BACKGROUND Deficiency of adenosine deaminase 2 (DADA2) is an autoinflammatory disease caused by deleterious ADA2 variants. The frequency of these variants in the general population, and hence the expected disease prevalence, remain unknown. OBJECTIVE We aim to characterize the functional impact and carrier frequency of ADA2 variants. METHODS We performed functional studies and in silico analysis on 163 ADA2 variants, including DADA2-associated variants and population variants identified in the Genome Aggregation Database (gnomAD). We estimated the carrier rate using the aggregate frequency of deleterious variants. RESULTS Functional studies of ADA2 variants revealed that 77/85 (91%) of DADA2-associated variants reduced ADA2 enzymatic function by > 75%. Analysis of 100 ADA2 variants in gnomAD showed a full spectrum of impact on ADA2 function, rather than a dichotomy of benign versus deleterious variants.
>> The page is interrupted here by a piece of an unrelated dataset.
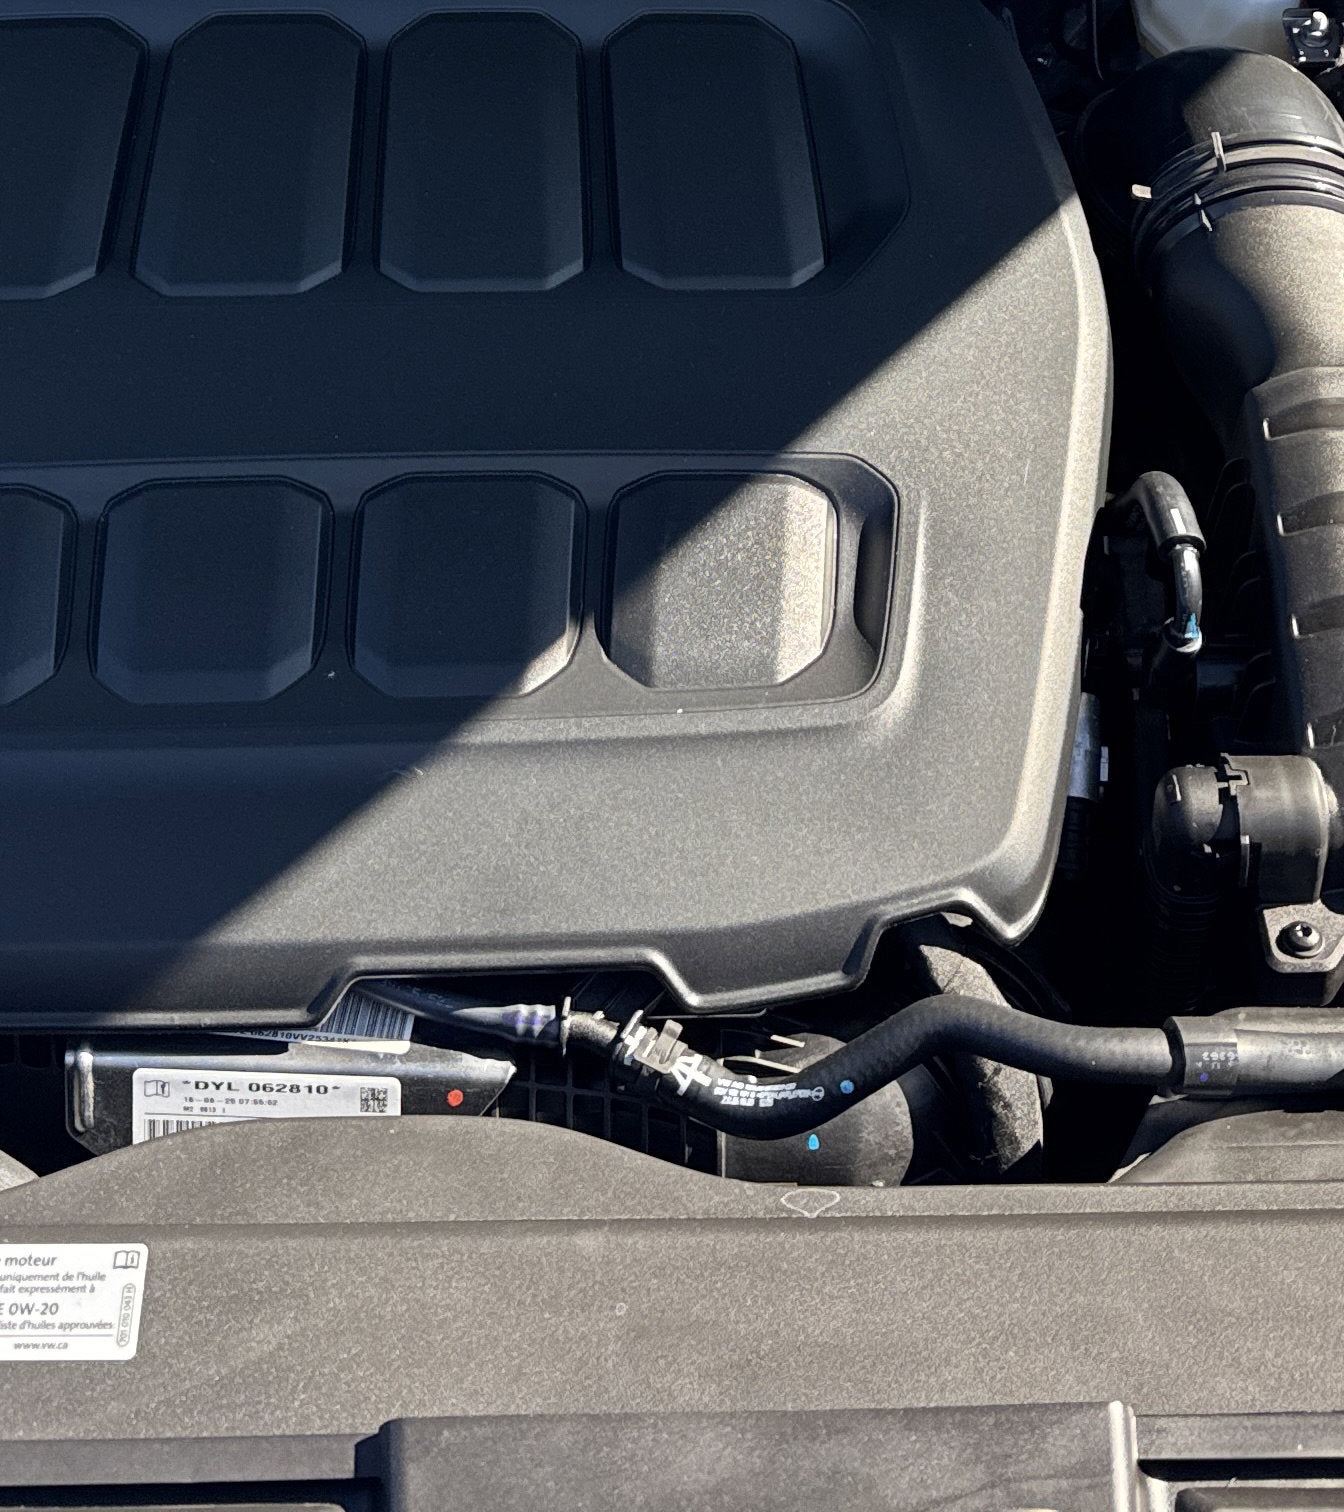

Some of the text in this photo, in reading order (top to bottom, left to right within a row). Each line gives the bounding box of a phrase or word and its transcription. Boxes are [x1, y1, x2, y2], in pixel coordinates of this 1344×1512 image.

We found several in silico algorithms that effectively predicted the impact of ADA2 variants with high sensitivity and specificity, and confirmed a correlation between the residual function of ADA2 variants in vitro and the plasma ADA2 activity of individuals carrying these variants (n = 45; r = 0.649; p < 0.0001). Using < 25% residual enzymatic activity as the cut-off to define potential pathogenicity, integration of our results with gnomAD population data revealed an estimated carrier frequency of at least 1 in 236 individuals, corresponding to an expected DADA2 disease prevalence of ∼1 in 222,000 individuals. CONCLUSION Functional annotation guides the interpretation of ADA2 variants to create a framework that enables estimation of DADA2 carrier frequency and disease prevalence.